Hollys Weihnachtszauber
»Entschuldigt mich, ich muss wieder in die Küche.«
»Kann ich irgendetwas helfen?«, fragten Michael, Guy und Jude wie aus einem Mund.
»Ja, ihr könnt im Speisezimmer den Tisch decken. Im Wäscheschrank war ein langer weihnachtlicher Tischläufer – er liegt auf der Anrichte bei der Schachtel mit Knallbonbons, die Tilda und Noel mitgebracht haben. Und Jude, könntest du dich um die Getränke kümmern? Ich trinke nicht oft Alkohol, außerdem habe ich keine Ahnung, was ihr möchtet.«
»Jess und ich helfen auch mit«, verkündete Tilda, hievte sich hoch und schlüpfte mit den Füßen in ihre Marabu-Pantöffelchen. »Wir machen einen Igel.«
»Einen Igel ?« Vielleicht hatte die Füllung dieser grauenhaften Sandwichröllchen am Tag meiner Ankunft daraus bestanden – Asphaltbeute!

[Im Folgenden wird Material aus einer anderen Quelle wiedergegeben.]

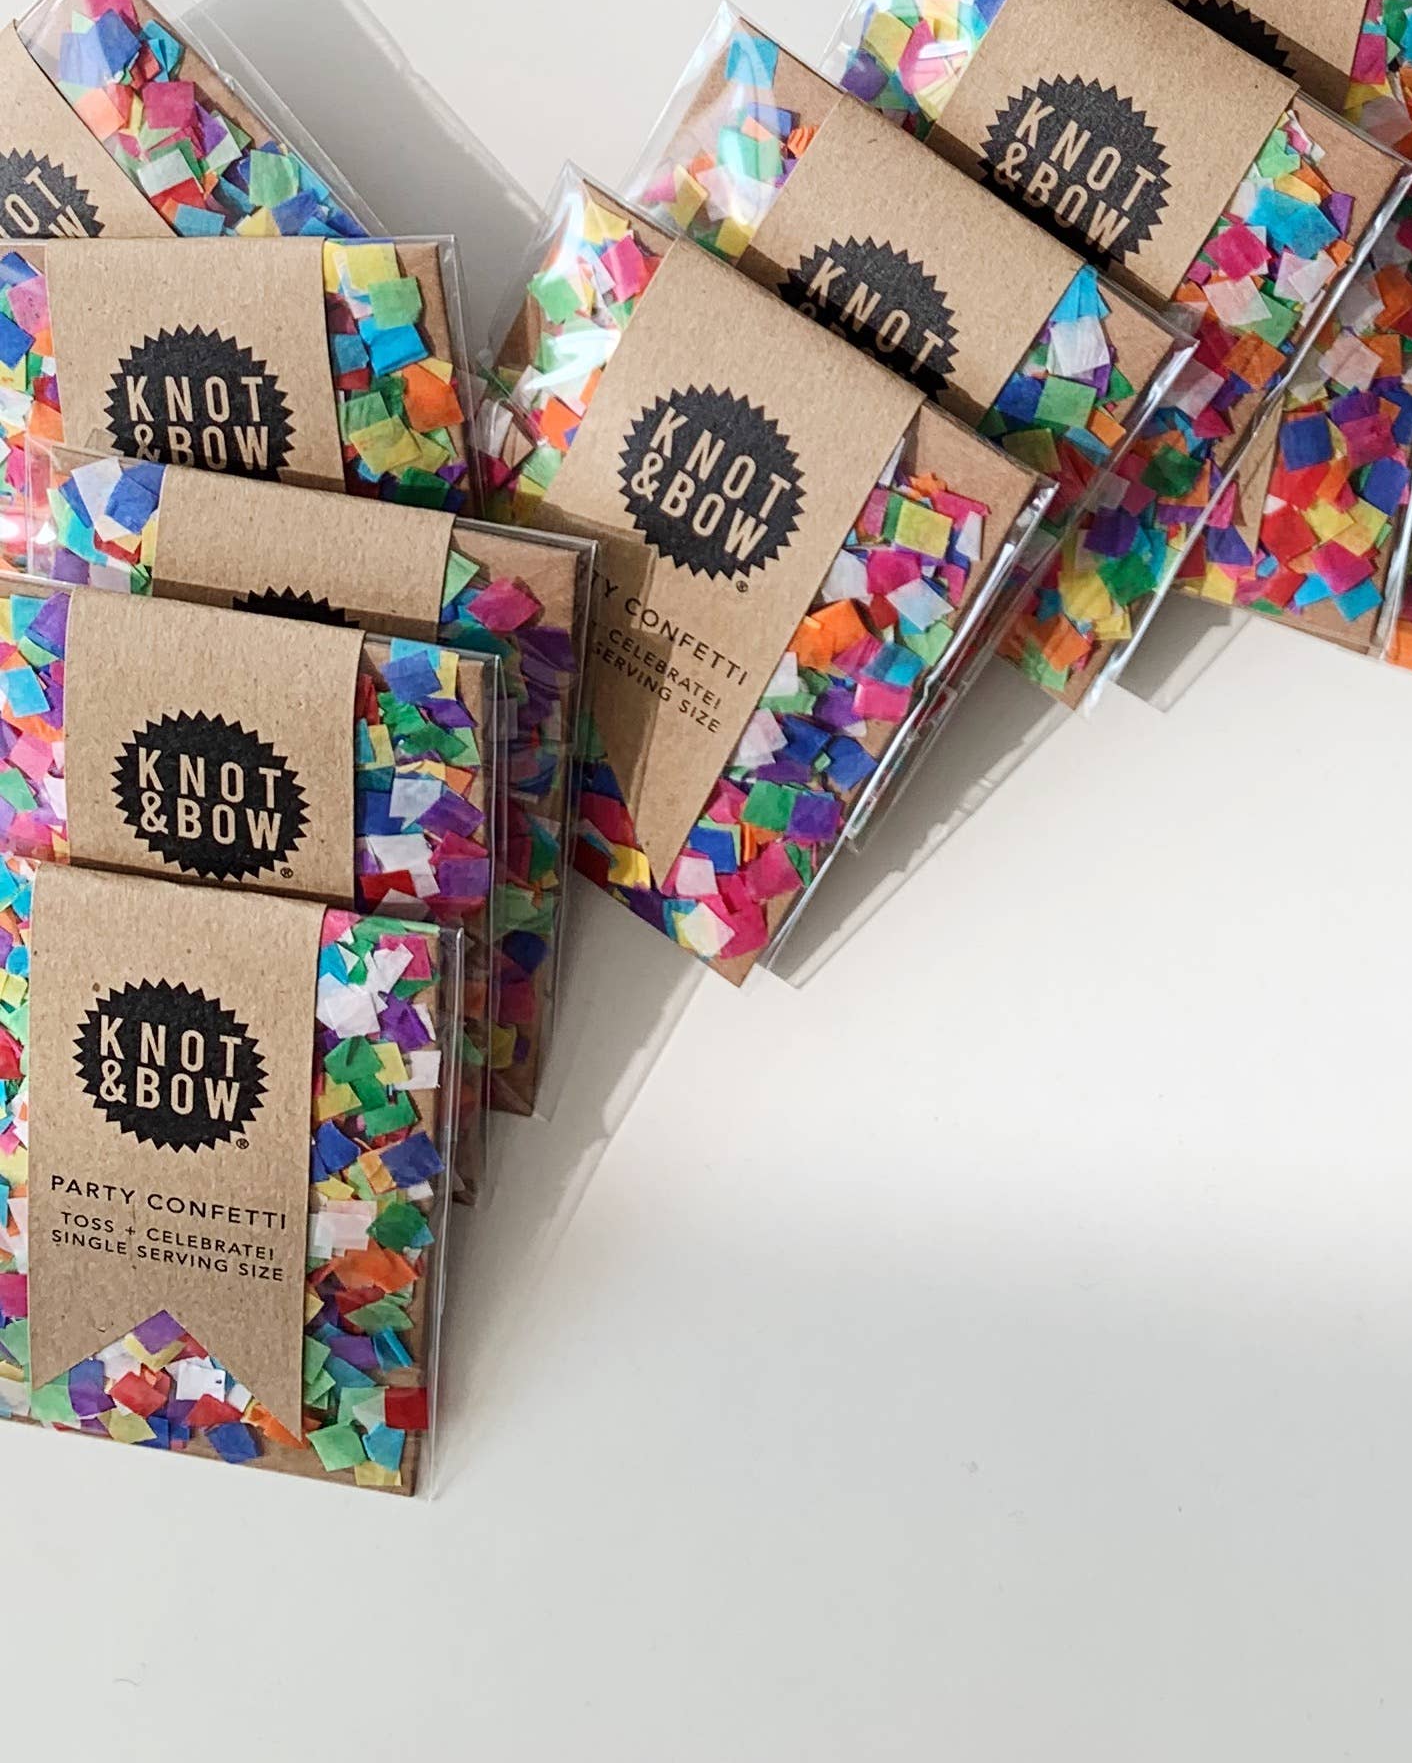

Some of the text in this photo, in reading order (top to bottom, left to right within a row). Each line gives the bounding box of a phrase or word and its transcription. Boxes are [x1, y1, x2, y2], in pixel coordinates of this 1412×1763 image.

»Ja – du weißt schon, Cocktailspieße mit Käsestückchen und kleinen Zwiebeln in eine halbe Grapefruit gesteckt«, erklärte Jess, während sie mir in die Küche folgten. »Omi macht dem Igel aus Nelken auch kleine Augen und eine Nase.«
»Ach natürlich – wie nett!«, antwortete ich. »Aber ich fürchte, ich habe keine Grapefruit. Geht auch eine große Kartoffel, wenn ich sie vorher abbürste?«
»Ja, aber das Bürsten übernimmt Jess«, meinte Tilda. »Du hast bestimmt mehr als genug anderes zu tun.«
»Ich muss nur eben noch diese pikanten Filoteigtaschen mit Krabbenfüllung in den Ofen schieben, sie brauchen nicht lange. Zusammen mit dem Igel müsste das reichlich genügen, um alle bei Kräften zu halten, bis ich das Dinner zubereitet habe.«
Als der Igel fertig war, ging Jess zusammen mit Noel, Tilda und Becca in den Salon, um die Weihnachtsbotschaft anzuschauen, die ihre Eltern für sie auf DVD aufgenommen hatten. Dann kam sie und bestand darauf, dass auch ich sie mir ansehen ging, zum Glück in einem Moment, als ich zwischendrin gerade mal zehn Minuten erübrigen konnte.
Ich fand, ihre Eltern sahen ganz schön verrückt aus – allein schon, weil sich beide bis hin zum weißen Wattebart als Weihnachtsmänner verkleidet hatten –, aber auf eine witzige Art. Roz ist noch so eine große, dunkelhaarige Martland.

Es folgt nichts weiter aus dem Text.